IV/ Laurence de Najac (1791 ou 93 + 17 mars 1875, Montpellier),
Mariée le 13 février 1813, à Paris à Eugène, vicomte de Ginestous (1790 + 1861), baron de la Liquisse, lieutenant-colonel de cavalerie (démissionnaire), chevalier de Saint Ferdinand d’Espagne (1823). Elle lui apporta en dot 160.000 Francs.

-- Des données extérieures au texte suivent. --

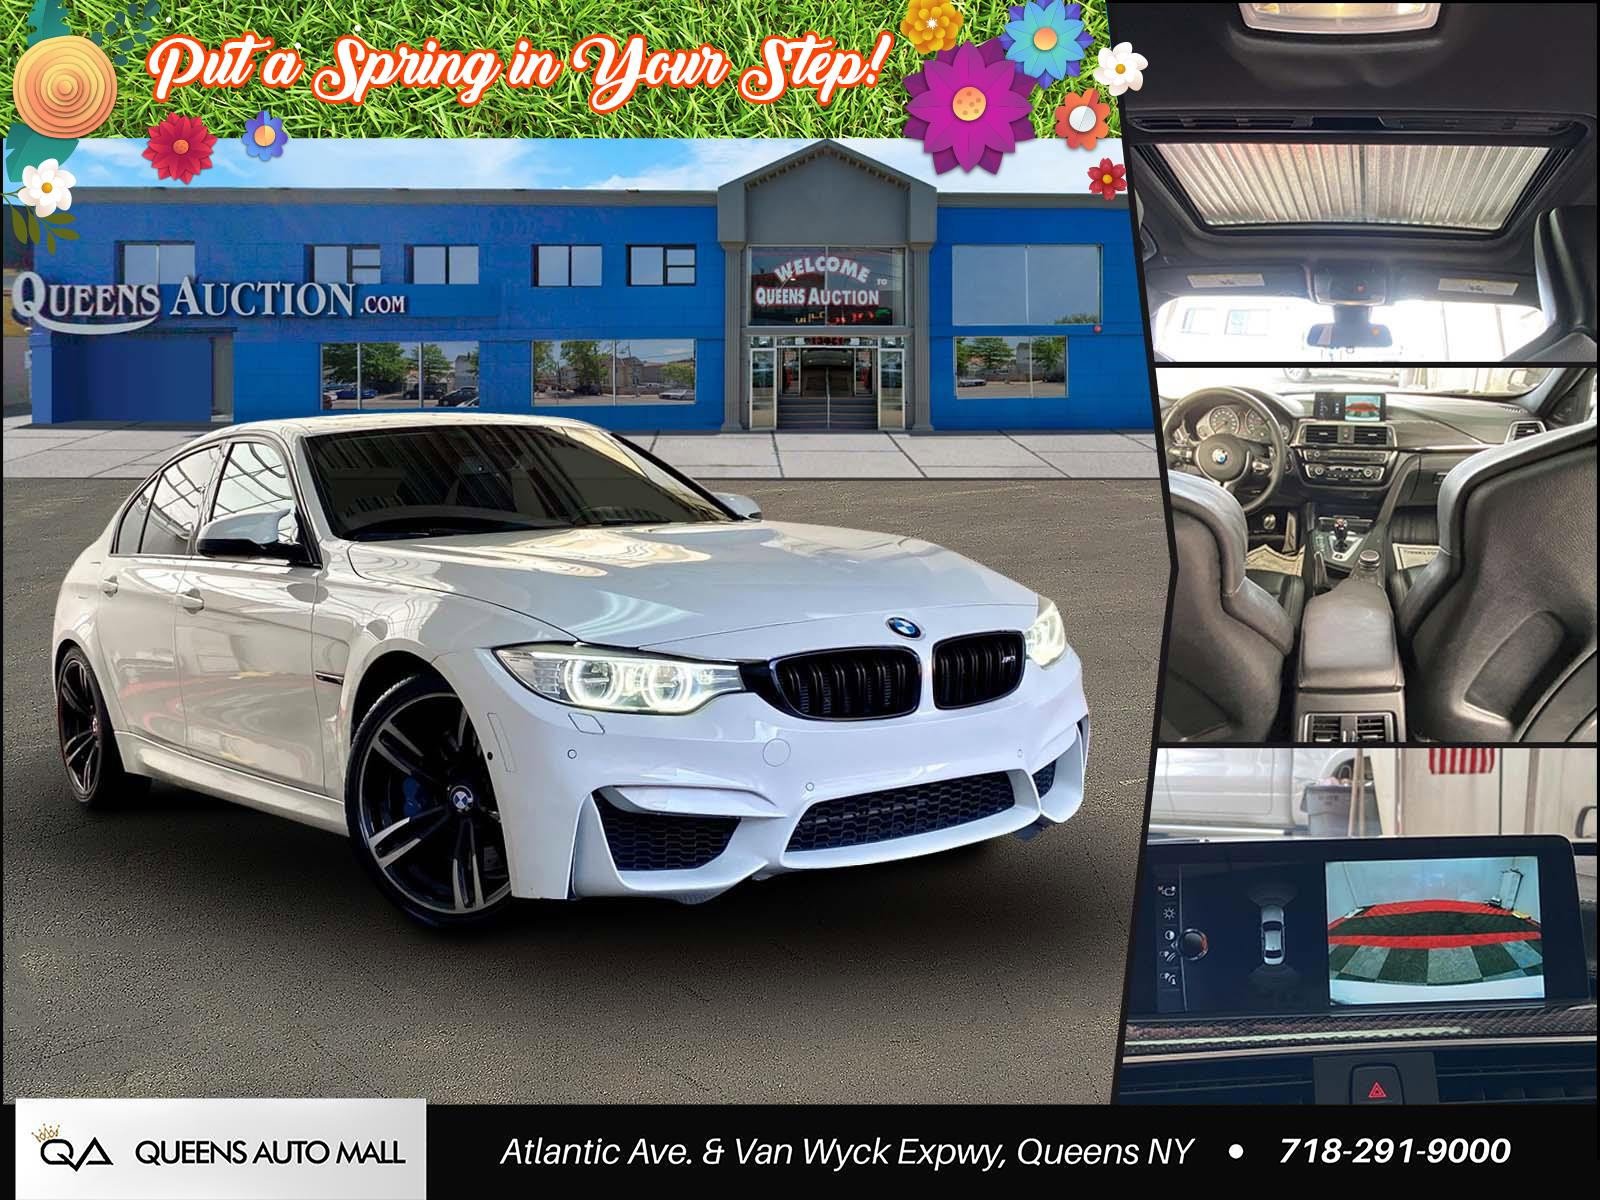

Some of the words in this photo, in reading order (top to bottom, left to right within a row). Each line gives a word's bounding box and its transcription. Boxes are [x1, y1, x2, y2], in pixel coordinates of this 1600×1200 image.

On trouve également à Sorèze, donc probablement parente, une famille Najac, manifestement notable ou noble dès la fin du XVIIe siècle :
Pierre de Najac de La Bruyère (+ avant 1736), marié vers 1690/ 1695 à Antoinette de Grimaldi D’où :
1/ Jean Louis de Najac de La Bruyère (né vers 1697 + Sorèze, Tarn, 28 mars 1775, à 78 ans), lieutenant au régiment de Noailles Infanterie, pension du Roi, marié à Sorèze le 24 novembre 1734 (mariage religieux) à Jeanne de Pélissier, D’où : 1. Antoine Pierre Louis de Najac de La Bruyère (Sorèze, Tarn, 24 octobre 1735 + 27 octobre 1738) 2. Jeanne Suzanne (Sorèze 7 avril 1737 + 4 mai 1810), mariée à Durfort, Tarn, le 28 octobre 1773 (mariage religieux) à Jean Grégoire de La Bataille 3. Jeanne Marie Louise (Sorèze 19 avril 1739 + 21 novembre 1740) 4. Marie Antoinette Suzanne (Sorèze 6 septembre 1741 + 20 décembre 1766)
2/ Jean Pierre de Najac de Bournazel (né vers 1700)
3/ Jean Baptiste de Najac (né vers 1700 + avant janvier 1763), ancien capitaine au régiment de Noailles, conseiller du Roy et maire de Sorèze, marié à Jeanne de Roberty D’où : 1. Louis de Najac, né vers 1730, ancien officier au régiment de Bresse, conseiller du Roi, maire de Sorèze en 1763, marié à Sorèze, le 20 janvier 1763 (mariage religieux) à Emilie Magdelaine Gabrielle Daydé
4/ Marie de Najac de Bournazel Mariée le 1er décembre 1708 à Pierre de Saint Maurice, sgr de Saussenac, D’où : Anne Marie de Saint Maurice de Saussenac (Saussenac 1727 + Sorèze 1802).